* **Problem description**:
If a line appears in the data below, it must appear in your answer exactly as given.

* **Task input**:
------------------------

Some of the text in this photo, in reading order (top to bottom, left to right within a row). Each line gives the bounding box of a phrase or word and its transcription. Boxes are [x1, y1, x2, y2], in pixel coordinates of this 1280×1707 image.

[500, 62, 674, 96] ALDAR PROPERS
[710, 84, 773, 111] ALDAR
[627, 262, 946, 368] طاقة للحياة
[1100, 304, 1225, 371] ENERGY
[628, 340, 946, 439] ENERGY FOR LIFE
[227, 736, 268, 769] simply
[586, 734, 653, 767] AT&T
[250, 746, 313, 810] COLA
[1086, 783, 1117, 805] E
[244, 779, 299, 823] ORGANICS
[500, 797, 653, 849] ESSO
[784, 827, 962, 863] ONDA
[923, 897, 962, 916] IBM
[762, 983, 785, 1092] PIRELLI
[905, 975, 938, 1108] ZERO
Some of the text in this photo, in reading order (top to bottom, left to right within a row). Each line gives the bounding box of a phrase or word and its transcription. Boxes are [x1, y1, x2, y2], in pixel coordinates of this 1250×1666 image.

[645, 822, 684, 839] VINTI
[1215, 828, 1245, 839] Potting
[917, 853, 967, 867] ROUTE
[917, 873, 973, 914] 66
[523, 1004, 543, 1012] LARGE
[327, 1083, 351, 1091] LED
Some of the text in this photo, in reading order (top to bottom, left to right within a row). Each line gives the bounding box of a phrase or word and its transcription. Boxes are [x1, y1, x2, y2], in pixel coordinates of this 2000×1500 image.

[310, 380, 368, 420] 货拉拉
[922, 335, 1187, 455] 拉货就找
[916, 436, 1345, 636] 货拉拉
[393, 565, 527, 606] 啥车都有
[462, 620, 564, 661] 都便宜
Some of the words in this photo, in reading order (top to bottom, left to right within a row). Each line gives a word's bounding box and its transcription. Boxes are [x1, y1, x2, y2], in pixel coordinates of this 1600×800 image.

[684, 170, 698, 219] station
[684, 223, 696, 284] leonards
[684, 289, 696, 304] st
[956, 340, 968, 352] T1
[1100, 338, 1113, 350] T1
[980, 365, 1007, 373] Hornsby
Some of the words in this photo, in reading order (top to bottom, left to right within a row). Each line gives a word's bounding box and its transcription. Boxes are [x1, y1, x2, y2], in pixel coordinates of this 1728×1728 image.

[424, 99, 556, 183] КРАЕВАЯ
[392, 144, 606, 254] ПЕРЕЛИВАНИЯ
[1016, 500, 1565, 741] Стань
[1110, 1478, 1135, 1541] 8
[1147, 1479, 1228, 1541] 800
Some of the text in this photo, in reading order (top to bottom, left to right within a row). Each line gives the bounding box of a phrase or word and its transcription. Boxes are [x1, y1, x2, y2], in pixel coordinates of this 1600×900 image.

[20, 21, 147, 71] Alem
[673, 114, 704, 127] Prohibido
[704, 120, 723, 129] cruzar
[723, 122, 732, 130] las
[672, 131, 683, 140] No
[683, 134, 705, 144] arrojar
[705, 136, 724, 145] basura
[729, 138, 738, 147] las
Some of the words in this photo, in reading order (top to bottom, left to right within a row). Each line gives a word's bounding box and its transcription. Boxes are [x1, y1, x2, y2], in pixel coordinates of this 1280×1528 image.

------------------------

* **Response below**:
Some of the text in this photo, in reading order (top to bottom, left to right within a row). Each line gives the bounding box of a phrase or word and its transcription. Boxes are [x1, y1, x2, y2], in pixel coordinates of this 1280×1707 image.

[500, 62, 674, 96] ALDAR PROPERS
[710, 84, 773, 111] ALDAR
[627, 262, 946, 368] طاقة للحياة
[1100, 304, 1225, 371] ENERGY
[628, 340, 946, 439] ENERGY FOR LIFE
[227, 736, 268, 769] simply
[586, 734, 653, 767] AT&T
[250, 746, 313, 810] COLA
[1086, 783, 1117, 805] E
[244, 779, 299, 823] ORGANICS
[500, 797, 653, 849] ESSO
[784, 827, 962, 863] ONDA
[923, 897, 962, 916] IBM
[762, 983, 785, 1092] PIRELLI
[905, 975, 938, 1108] ZERO
Some of the text in this photo, in reading order (top to bottom, left to right within a row). Each line gives the bounding box of a phrase or word and its transcription. Boxes are [x1, y1, x2, y2], in pixel coordinates of this 1250×1666 image.

[645, 822, 684, 839] VINTI
[1215, 828, 1245, 839] Potting
[917, 853, 967, 867] ROUTE
[917, 873, 973, 914] 66
[523, 1004, 543, 1012] LARGE
[327, 1083, 351, 1091] LED
Some of the text in this photo, in reading order (top to bottom, left to right within a row). Each line gives the bounding box of a phrase or word and its transcription. Boxes are [x1, y1, x2, y2], in pixel coordinates of this 2000×1500 image.

[310, 380, 368, 420] 货拉拉
[922, 335, 1187, 455] 拉货就找
[916, 436, 1345, 636] 货拉拉
[393, 565, 527, 606] 啥车都有
[462, 620, 564, 661] 都便宜
Some of the words in this photo, in reading order (top to bottom, left to right within a row). Each line gives a word's bounding box and its transcription. Boxes are [x1, y1, x2, y2], in pixel coordinates of this 1600×800 image.

[684, 170, 698, 219] station
[684, 223, 696, 284] leonards
[684, 289, 696, 304] st
[956, 340, 968, 352] T1
[1100, 338, 1113, 350] T1
[980, 365, 1007, 373] Hornsby
Some of the words in this photo, in reading order (top to bottom, left to right within a row). Each line gives a word's bounding box and its transcription. Boxes are [x1, y1, x2, y2], in pixel coordinates of this 1728×1728 image.

[424, 99, 556, 183] КРАЕВАЯ
[392, 144, 606, 254] ПЕРЕЛИВАНИЯ
[1016, 500, 1565, 741] Стань
[1110, 1478, 1135, 1541] 8
[1147, 1479, 1228, 1541] 800
Some of the text in this photo, in reading order (top to bottom, left to right within a row). Each line gives the bounding box of a phrase or word and its transcription. Boxes are [x1, y1, x2, y2], in pixel coordinates of this 1600×900 image.

[20, 21, 147, 71] Alem
[673, 114, 704, 127] Prohibido
[704, 120, 723, 129] cruzar
[723, 122, 732, 130] las
[672, 131, 683, 140] No
[683, 134, 705, 144] arrojar
[705, 136, 724, 145] basura
[729, 138, 738, 147] las
Some of the words in this photo, in reading order (top to bottom, left to right within a row). Each line gives a word's bounding box and its transcription. Boxes are [x1, y1, x2, y2], in pixel coordinates of this 1280×1528 image.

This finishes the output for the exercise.